Factors related to sexual risk behaviors were: number of lifetime partners (1, 2 and more, don’t know); and history of sexually transmitted diseases (STI) (had any STI in the last 12 months, “Yes/No”). Factors concerning knowledge of HIV were: sought knowledge of a place to get HIV test (“Yes/No”); knowledge about efficacy of highly active antiretroviral therapy (HAART) during pregnancy (taking drugs to avoid HIV transmission to baby during pregnancy, “Yes/No”); and knowledge about HIV and sexually transmitted infections (ever heard of STIs, ever heard of AIDS, knowledge about mother-to-child transmission of HIV). Participants were considered as having a good knowledge of mother-to-child transmission (MTCT) of HIV if they knew the three main transmission routes (pregnancy, delivery, breastfeeding).
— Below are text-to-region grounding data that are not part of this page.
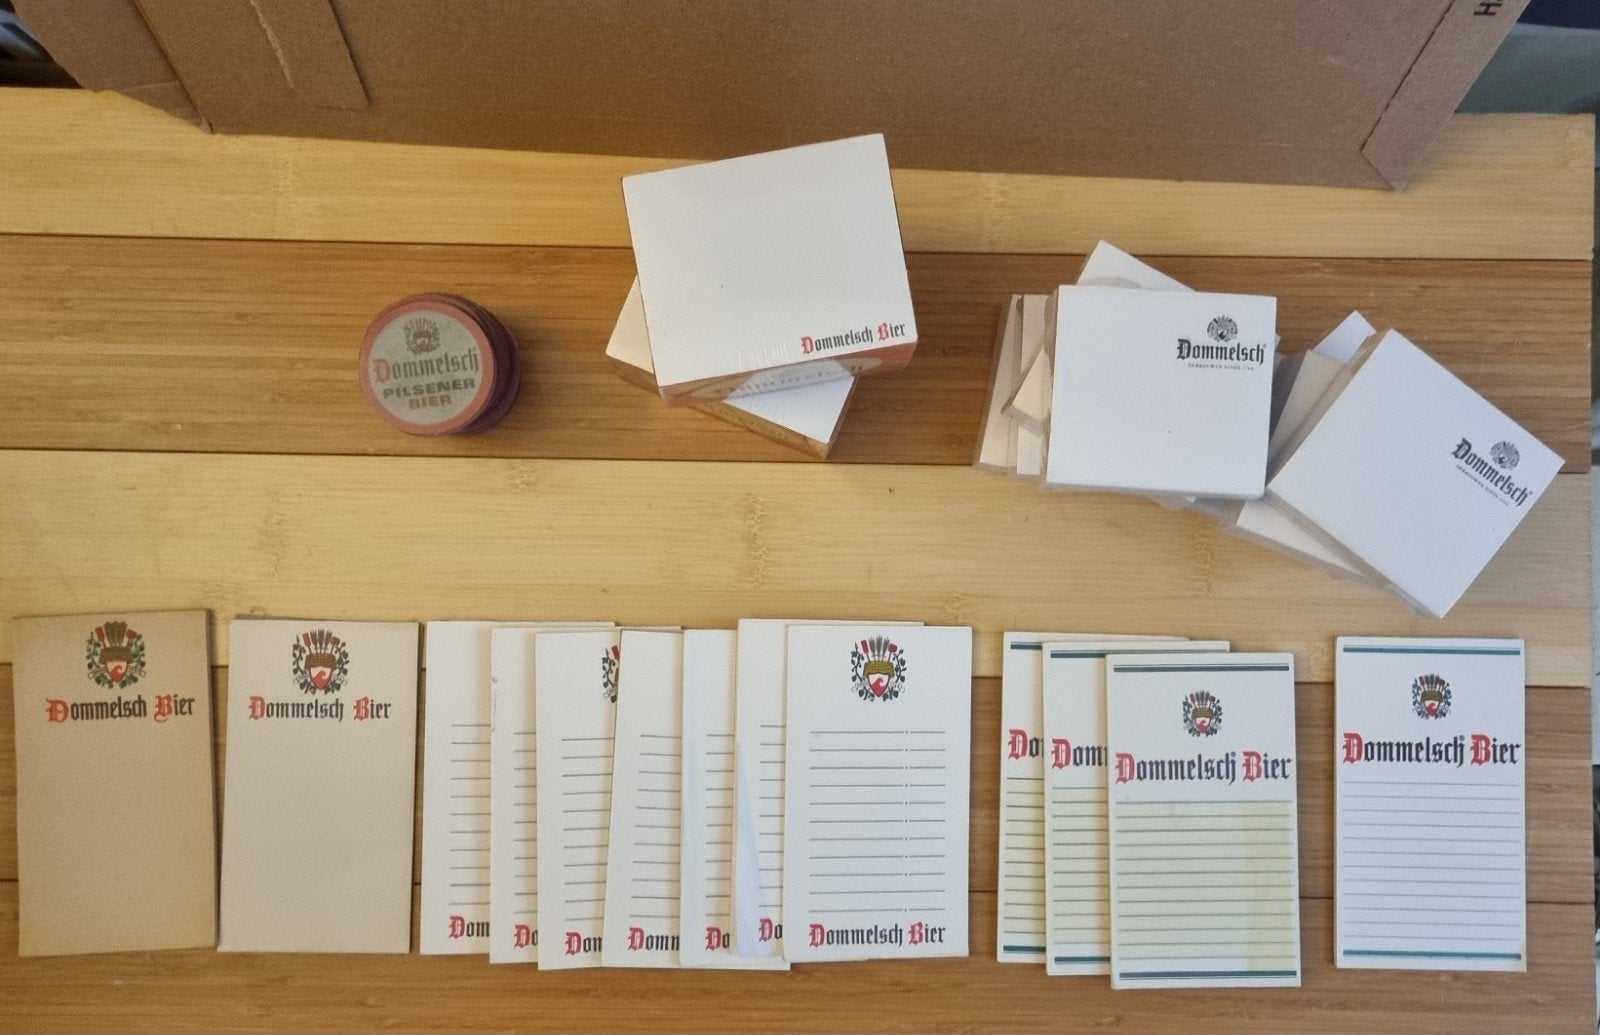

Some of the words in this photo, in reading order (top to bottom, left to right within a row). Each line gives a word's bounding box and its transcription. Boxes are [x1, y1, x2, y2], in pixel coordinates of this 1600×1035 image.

[801, 324, 873, 354] Dommelsch
[877, 322, 906, 341] Bier
[1177, 338, 1264, 366] Dommelsch
[373, 346, 479, 383] Dommelsch
[383, 377, 475, 399] PILSENER
[408, 394, 452, 410] BIER
[1451, 438, 1528, 507] Dommelsch
[46, 695, 147, 723] Dommelsch
[154, 694, 195, 722] Bier
[249, 696, 344, 723] Dommelsch
[353, 696, 391, 721] Bier
[1343, 733, 1464, 768] Dommelsch
[1470, 733, 1521, 766] Bier
[1115, 752, 1236, 785] Dommelsch
[1242, 750, 1293, 782] Bier
[809, 923, 903, 948] Dommelsch
[908, 921, 946, 945] Bier
To assess perceived HIV-related stigma, the variable was: “people hesitate to take HIV test because of the reaction of other people” (“Yes/No”). For media exposure, the variables were: access to the Internet (“Yes/No”); and ownership of a mobile phone (“Yes/No”).
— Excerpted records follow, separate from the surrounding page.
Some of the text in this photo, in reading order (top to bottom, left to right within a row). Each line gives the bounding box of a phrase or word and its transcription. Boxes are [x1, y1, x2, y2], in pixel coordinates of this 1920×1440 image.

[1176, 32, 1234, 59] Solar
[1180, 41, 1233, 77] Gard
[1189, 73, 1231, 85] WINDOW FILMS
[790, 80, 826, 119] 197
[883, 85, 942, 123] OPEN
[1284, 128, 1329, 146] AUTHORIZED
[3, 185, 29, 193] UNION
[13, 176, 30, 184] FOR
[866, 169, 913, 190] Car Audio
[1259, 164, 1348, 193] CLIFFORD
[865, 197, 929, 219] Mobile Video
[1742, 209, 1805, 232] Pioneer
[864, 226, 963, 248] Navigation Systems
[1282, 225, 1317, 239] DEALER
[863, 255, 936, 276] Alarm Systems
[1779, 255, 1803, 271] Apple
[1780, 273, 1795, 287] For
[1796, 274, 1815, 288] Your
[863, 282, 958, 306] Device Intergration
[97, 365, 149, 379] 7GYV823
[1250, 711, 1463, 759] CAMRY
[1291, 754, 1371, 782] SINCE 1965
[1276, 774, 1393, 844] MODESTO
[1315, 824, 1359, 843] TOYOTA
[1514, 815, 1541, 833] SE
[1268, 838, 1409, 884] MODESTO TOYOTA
For women, an additional variable was considered: number of antenatal care (ANC) visits (none, 1 and more). The modality “none” included women who did not have a birth in the last five years as well as pregnant women who made no ANC visit.
Statistical Analysis
The analysis was performed using STATA/SE 15.1 software. As stated above in the section on data source, a two-stage sampling design was adopted. To account for the survey’s multi-stage sampling design, all data were weighted to adjust for disproportionate sampling and non-response. For women and men, individual weights were applied..
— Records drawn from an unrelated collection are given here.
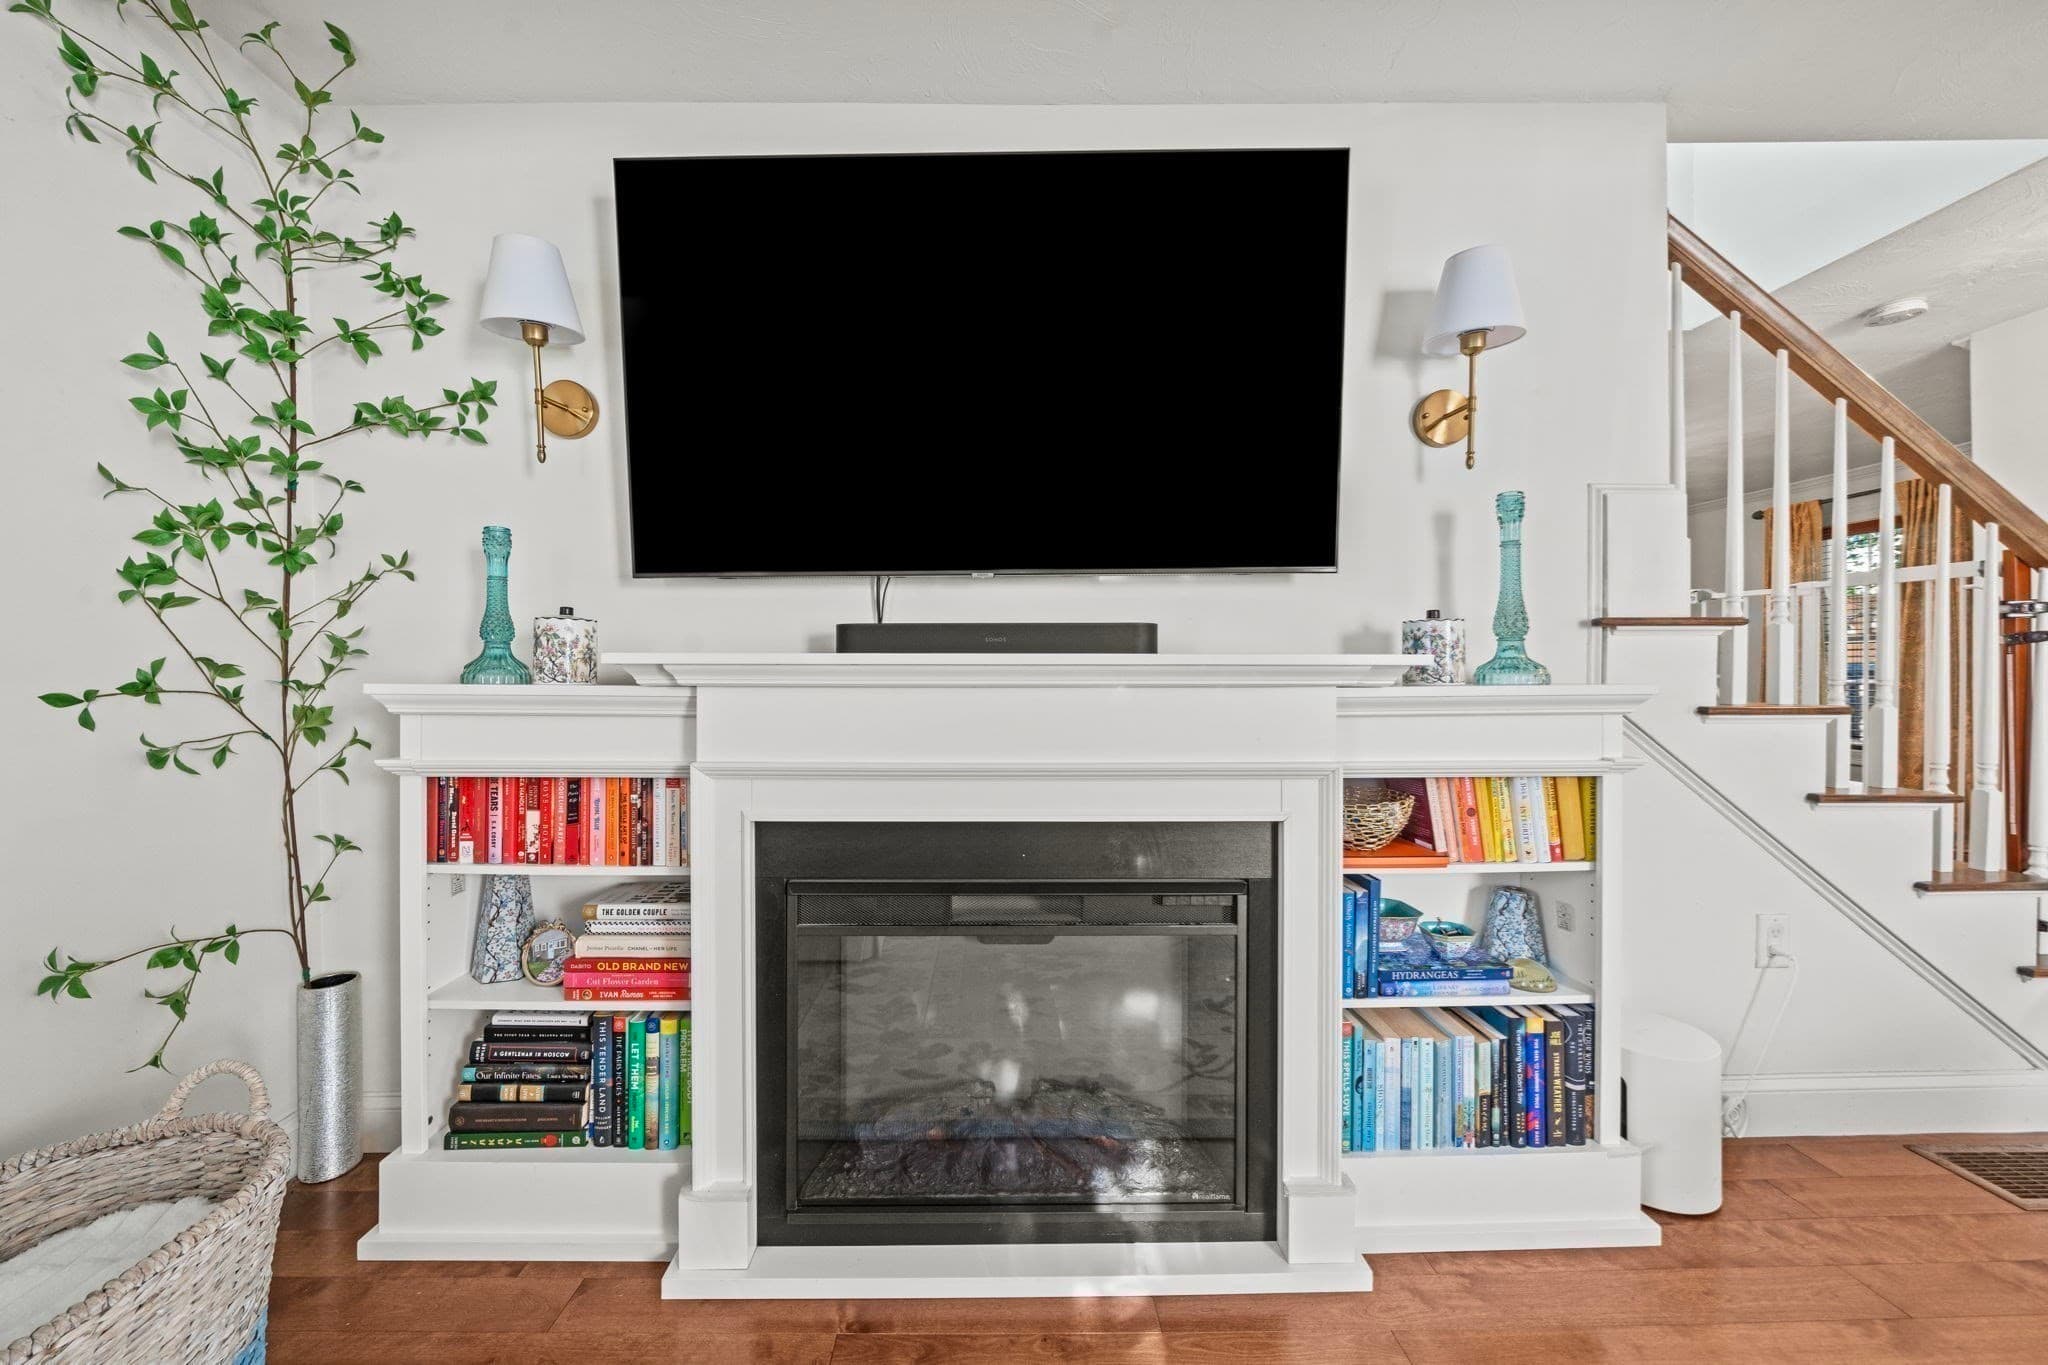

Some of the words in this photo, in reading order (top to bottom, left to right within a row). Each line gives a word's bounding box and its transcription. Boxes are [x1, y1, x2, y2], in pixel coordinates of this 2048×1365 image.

[490, 787, 499, 812] TEARS
[602, 908, 613, 916] THE
[616, 908, 641, 916] GOLDEN
[642, 908, 668, 916] COUPLE
[597, 962, 620, 971] OLD
[622, 962, 661, 971] BRAND
[664, 962, 689, 971] NEW
[586, 977, 601, 986] Cut
[602, 976, 629, 986] Flower
[631, 976, 659, 986] Garden
[1392, 971, 1459, 981] HYDRANGEAS
[631, 1043, 640, 1060] LET
[1516, 1063, 1523, 1073] We
[476, 1071, 493, 1080] Our
[494, 1070, 520, 1079] Infinite
[522, 1071, 541, 1080] Fates
[631, 1063, 640, 1090] THEM
[1553, 1079, 1562, 1113] WEATHER
In the descriptive analysis, variables were presented in terms of the frequency and percentage of data for women and men. Intergroup comparisons were made using Chi2 test. The threshold of significance was set at 5%, and 95% confidence intervals (CI) were considered.
To assess the factors associated with HIV testing, two adjusted logistic regressions analyses were performed for women and for men, and adjusted odds ratios (AOR) were calculated with their 95% confidence intervals. To address the complex sampling (multistage sampling, weighting and stratification), the weight, strata, and primary sampling units (PSU) identifier variables were set before using svy (STATA survey prefix) command. With the command svyset, for variance estimation, Taylor linearization was used. For women, we fit a logistic model of HIV testing with the following 12 independent variables: five-year age groups, zone, educational level, wealth quintile, marital status, knowledge of mother to child transmission of HIV, drugs to avoid HIV transmission to baby during pregnancy, had any STI in last 12 months, lifetime number of sex partners, self-stigma, mobile telephone ownership, and number of ANC visits. For men, a logistic model of HIV testing was fitted with the same independent variables as for women, except the number of ANC visits.
Collinearity was checked and some variables were excluded due to high collinearity with another variable. The variables “residence,” “knowledge of a place to get HIV test”, “television”, “radio” and “use of Internet” were removed from both the models for women and men. For women, the variable “knowledge of a place to get HIV test” was removed because of empty cells, and collinearity was found between “residence” and “wealth class”, and between “televison” and “wealth class”. For men, “knowledge of a place to get HIV test” was removed because of empty cells, and collinearity was found between “residence” and “wealth class” , and “use of Internet” and “educational level”.